As discussed in IRC. The nature of EWS and other Calendar providers means that we can't really shut everything down. To mitigate I think we should follow this strategy: - Having less processes would help alleviate the heap consumption (which I've measured in ~10Mb per process). Is the patch for the "-b 0" solution in master already? - Another aspect that would help greatly to reduce resource consumption in this model is reducing the need to pass data through the bus. This means adding Direct Read Access to all possible calendar backends. We should prolly create another bug to track that effort. - It'd be interesting to analyze the resource usage of the factory subprocess to understand what are we using those 10Mb of data for, and whether it is needed all the time or at all.
(In reply to Alberto Ruiz from comment #22) > - Having less processes would help alleviate the heap consumption (which > I've measured in ~10Mb per process). Is the patch for the "-b 0" solution in > master already? See comment #11, yes, it is.
(In reply to Alberto Ruiz from comment #19) > Created attachment 367868 [details] > profile data I briefly looked on it and one of the most heap usage belongs to libical, the icalproperty_new_rrule takes about 1.7MB on the heap. Looking on the place where it is called, it's part of the attempt to preload built-in timezones, because libical could cause use-after-free when the array of timezones had been freed due to reallocation of the array. I'm not sure whether it's still an issue, but the preload might be good overall, thus this will be addressed by disabling backend-per-process by default (if we agree on this).

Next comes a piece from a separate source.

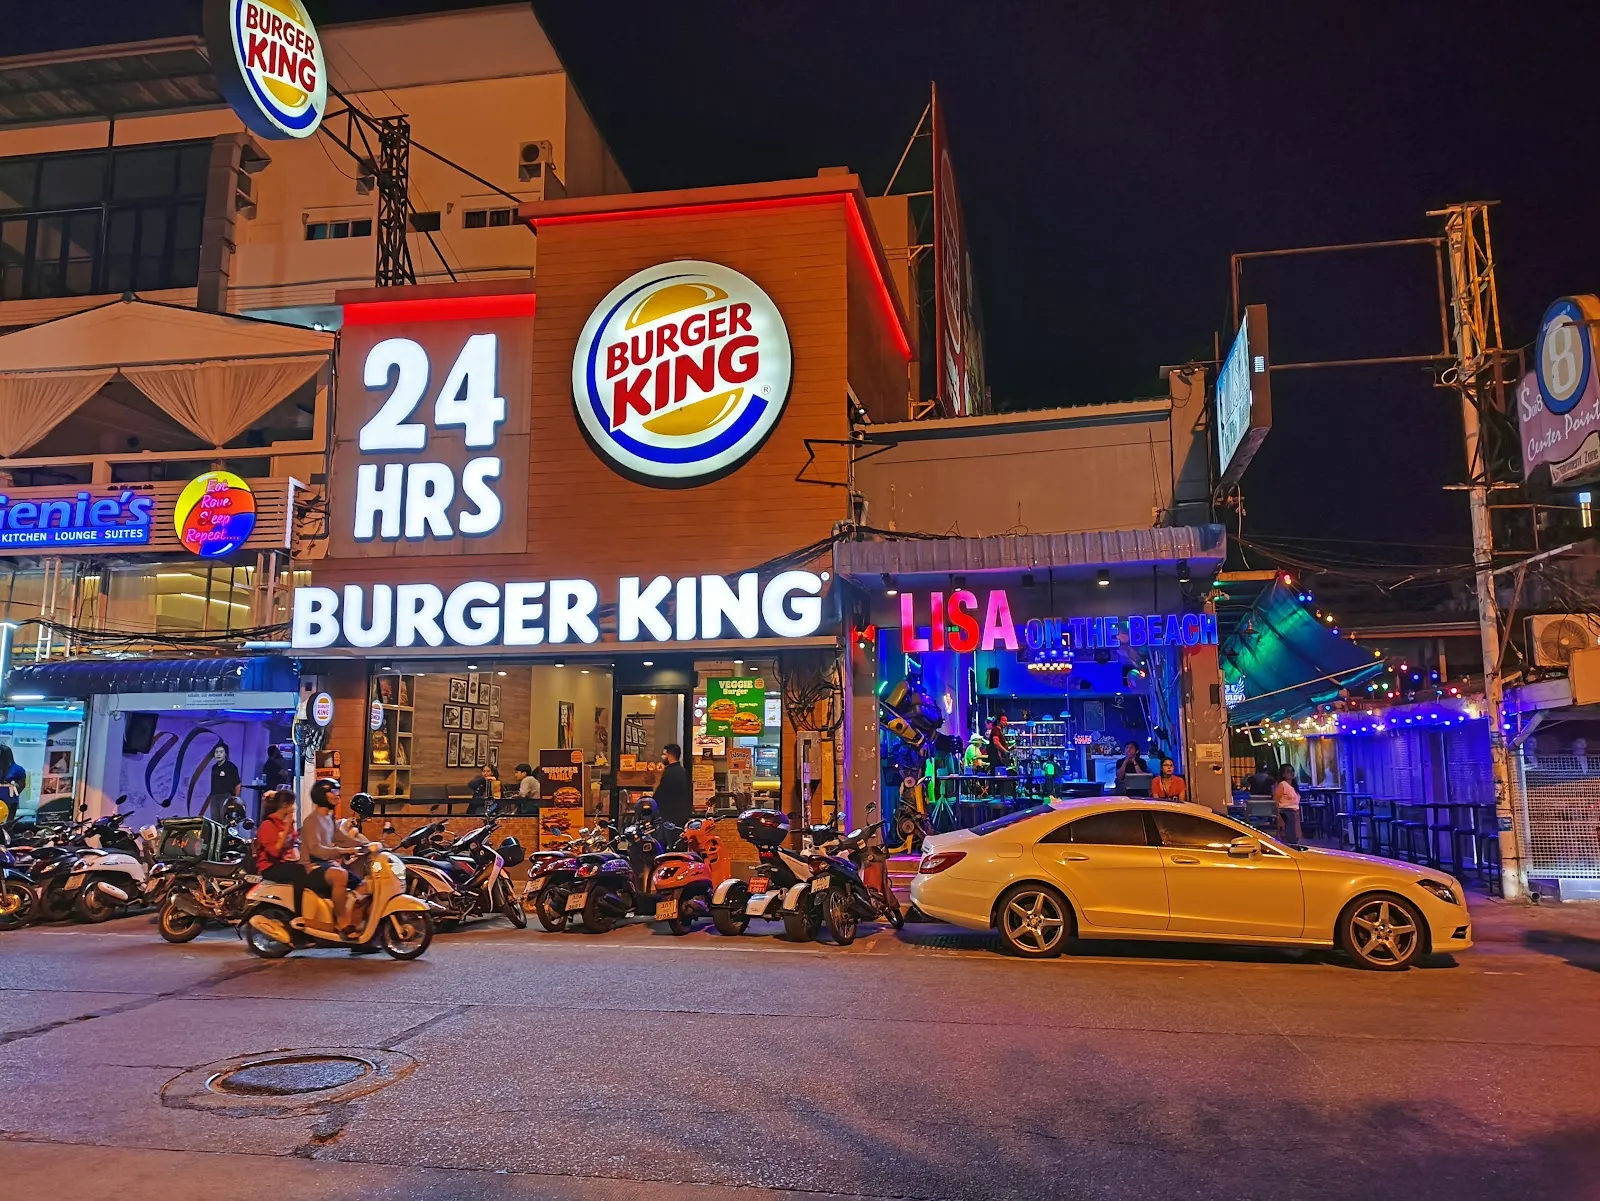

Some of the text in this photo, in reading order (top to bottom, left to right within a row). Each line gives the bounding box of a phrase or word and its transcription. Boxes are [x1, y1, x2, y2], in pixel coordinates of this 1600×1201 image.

(In reply to Milan Crha from comment #24) > (In reply to Alberto Ruiz from comment #19) > > Created attachment 367868 [details] > > profile data > > I briefly looked on it and one of the most heap usage belongs to libical, > the icalproperty_new_rrule takes about 1.7MB on the heap. Looking on the > place where it is called, it's part of the attempt to preload built-in > timezones, because libical could cause use-after-free when the array of > timezones had been freed due to reallocation of the array. I'm not sure > whether it's still an issue, but the preload might be good overall, thus > this will be addressed by disabling backend-per-process by default (if we > agree on this). So, what you are saying here is that we address this with backend-per-process disabled. In that case, what we're doing is avoiding this allocation multiple times as we have less subprocesses, right? Sounds like a nice first approach, it'd be good if we could reduce that usage anyway, but I'm not sure if what you're saying is that we can't avoid it. What is that timezone data used for during the lifetime of the factory? Can we free everything and allocate it again on demand when a we need it back?

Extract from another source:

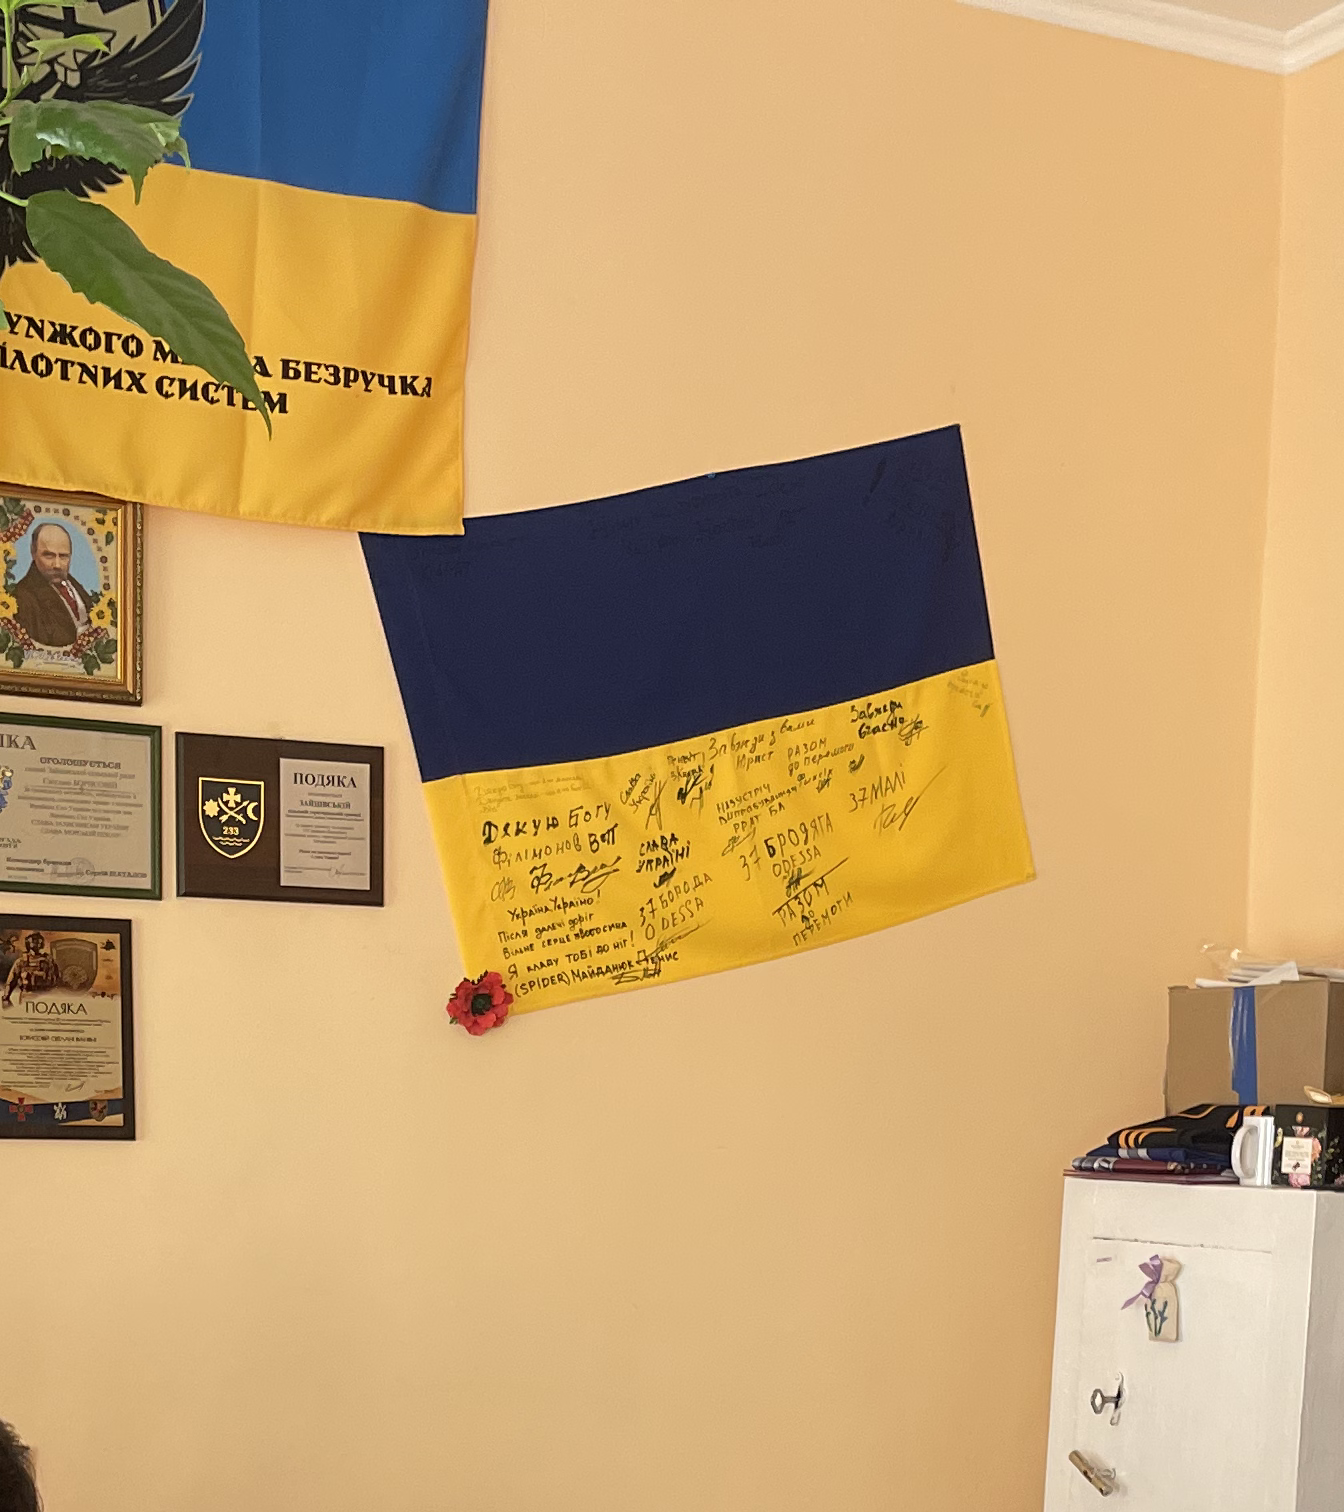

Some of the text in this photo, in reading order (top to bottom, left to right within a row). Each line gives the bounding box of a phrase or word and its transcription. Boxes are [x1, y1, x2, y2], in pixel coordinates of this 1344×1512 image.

(In reply to Alberto Ruiz from comment #25) > So, what you are saying here is that we address this with > backend-per-process disabled. In that case, what we're doing is avoiding > this allocation multiple times as we have less subprocesses, right? Basically yes. I've been playing with sytemtap a bit yesterday and I see that as each evolution process creates its own ESourceRegistry, which in turn loads every defined ESource into memory (transferred over D-Bus), then this ESourceRegistry causes, apart of D-Bus transfer issues, the next biggest user of memory, at least with respect of GObject-s being instantiated. I want to change disabled backend-per-process to not run a subprocess, but keep the backends running in the main factory process, which will save memory a bit more too, not talking about performance and relaxing D-Bus as well. It used to work this way before the work on backend-per-process. > What is that timezone data used for during the lifetime of the factory? Well, built-in (provided by system) time zones. > Can we free everything and allocate it again on demand when a we need it back? No, due to the way libical API works with zones, where it expects them to live "forever" (that's a bit inaccurate statement from my side, but it's close to impossible to track whether any structure still requires the zone). This preload of zones was done just to workaround the issue with re-allocation of the zone, while some structures still pointed into the previously-allocated zones.

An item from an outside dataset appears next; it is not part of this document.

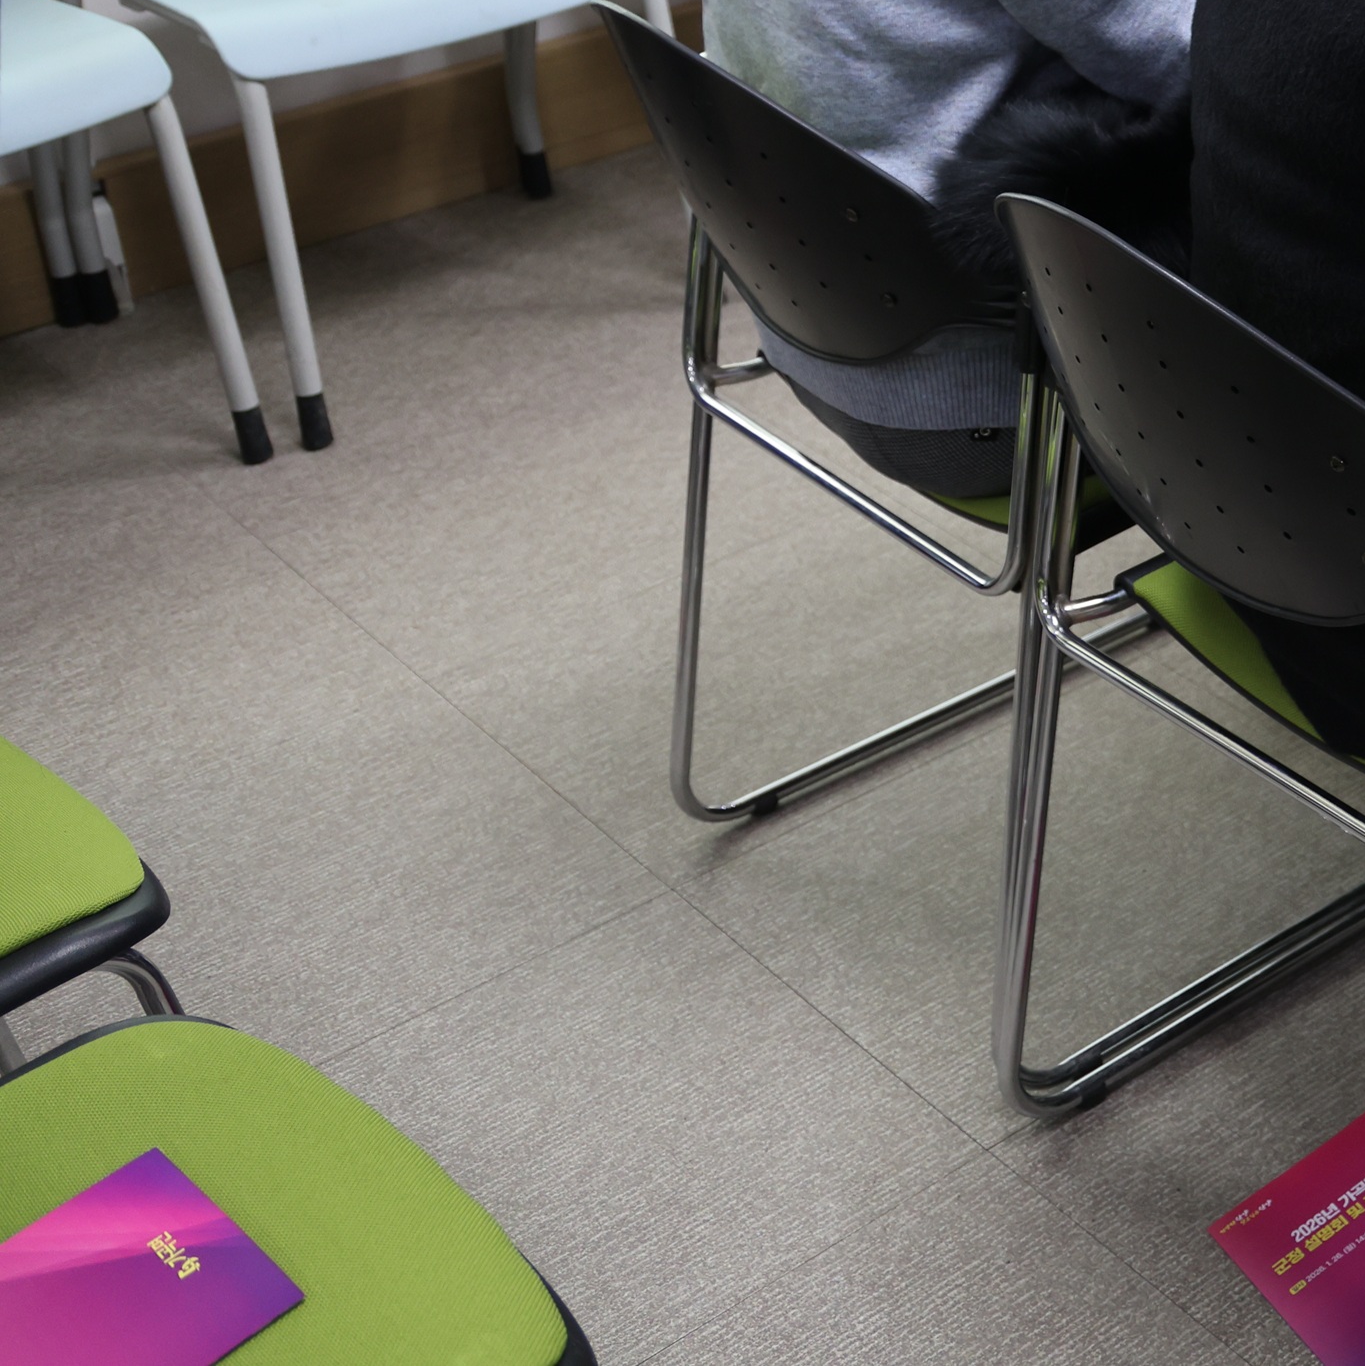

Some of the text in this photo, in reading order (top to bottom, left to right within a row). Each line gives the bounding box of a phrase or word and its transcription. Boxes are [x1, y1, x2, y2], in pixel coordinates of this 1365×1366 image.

[1290, 1202, 1342, 1243] 2026년
[147, 1230, 186, 1269] 가곡면
[1271, 1247, 1306, 1276] 군정
[1304, 1214, 1350, 1252] 설명회

Created attachment 368818 [details] [review] eds patch for evolution-data-server; Oh how I hate code duplication... Anyway, this causes the calendar/book backends run in calendar/book-factory, instead of running the subprocess, thus saving a bit more memory too. It's pretty invasive change, thus I'm postponing it for 3.30, thus there will be some time to test it and find eventual issues. I plan to commit it for 3.29.1, shortly after the git master branches for 3.28.
I made one related change for 3.28 too, I disabled the backend-per-process by default, thus distributions which do not override this option in their build scripts will pick the change automatically. I also changed how the subprocess identifies the '--factory' (which is an argument only for debugging purposes, to know which subprocess serves to which sources) to show "all" when the backend-per-process is disabled. That's just a nitpick, which can be reverted before applying the above change (comment #27). Created commit 2b058c94b in eds master (3.27.92+)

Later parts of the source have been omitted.